Но был у него наравне с поварским талантом крупный изъян: время от времени шибко он запивал – с душой, с чувством, отдаваясь пагубной страсти всем своим существом, как и на кухне, когда варил, парил и стряпал.
Последний московский запой окончился для Николая Васильевича Миловидова очень плачевно. Полностью приготовив обед – закуски и горячие блюда уже в зал унесли – Николай Васильевич ни с того ни с сего, словно его бешеная муха укусила, набухал немеряно во все сладкие блюда горчицы и перца. Да не просто так набухал – сверху насыпал-наляпал, а с изяществом: упрятал острую приправу внутри кушаний столь старательно, что на виду ни одной перчинки не осталось. Берет мамзеля розочку воздушную кремовую, надкусывает – и глаза у нее застывают от ужаса, а в раскрытом ротике огонь пылает…

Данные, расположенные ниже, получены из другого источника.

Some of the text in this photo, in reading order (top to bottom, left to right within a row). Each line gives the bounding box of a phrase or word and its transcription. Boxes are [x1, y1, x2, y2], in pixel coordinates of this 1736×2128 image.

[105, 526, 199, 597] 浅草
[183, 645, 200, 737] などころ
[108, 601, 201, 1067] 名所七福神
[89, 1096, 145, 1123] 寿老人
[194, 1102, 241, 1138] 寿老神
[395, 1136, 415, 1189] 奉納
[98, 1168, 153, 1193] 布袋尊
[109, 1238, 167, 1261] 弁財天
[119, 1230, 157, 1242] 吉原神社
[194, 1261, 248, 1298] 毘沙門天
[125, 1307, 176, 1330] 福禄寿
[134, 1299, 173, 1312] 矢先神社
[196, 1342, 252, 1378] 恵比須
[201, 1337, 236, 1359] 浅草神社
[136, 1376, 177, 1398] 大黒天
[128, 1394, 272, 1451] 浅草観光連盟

Зачем и по какой причине Николай Васильевич такую штуку проделал – он и сам, горемыка, не знал, а потому и другим объяснить не мог. На следующий день его вышибли со службы без всякого расчета. В чем был, в том и остался. Когда протрезвел, сунулся по другим заведениям на службу наниматься, а ему – отлуп. Большой город Москва, но слухи здесь проносятся скорее, чем в маленькой деревне. Не берут Николая Васильевича Миловидова в приличные заведения, и – баста! А в кабаки, где труба пониже и дым пожиже и где его приняли бы с удовольствием, он сам не желал идти: гордыня ноги крепче веревки связывала. Дожился – до края. У того же Купеческого клуба стоял и милостыню на прокорм просил. Здесь его Захар Евграфович и увидел случайно, из жалости сыпнул мелочи в ладонь, спросил из любопытства: какая нужда выкинула ради Христа подаяние собирать? Николай Васильевич, до слез тронутый чужим вниманием, поведал ему без утайки свою горькую историю. Захар Евграфович велел ему на следующий день явиться в гостиницу. Николай Васильевич явился. На предложение ехать в далекий и неведомый Белоярск согласился без раздумий и даже поклялся, перекрестясь, что ни одной капли зеленого вина, от которого все несчастья в жизни случаются, больше в рот никогда не возьмет.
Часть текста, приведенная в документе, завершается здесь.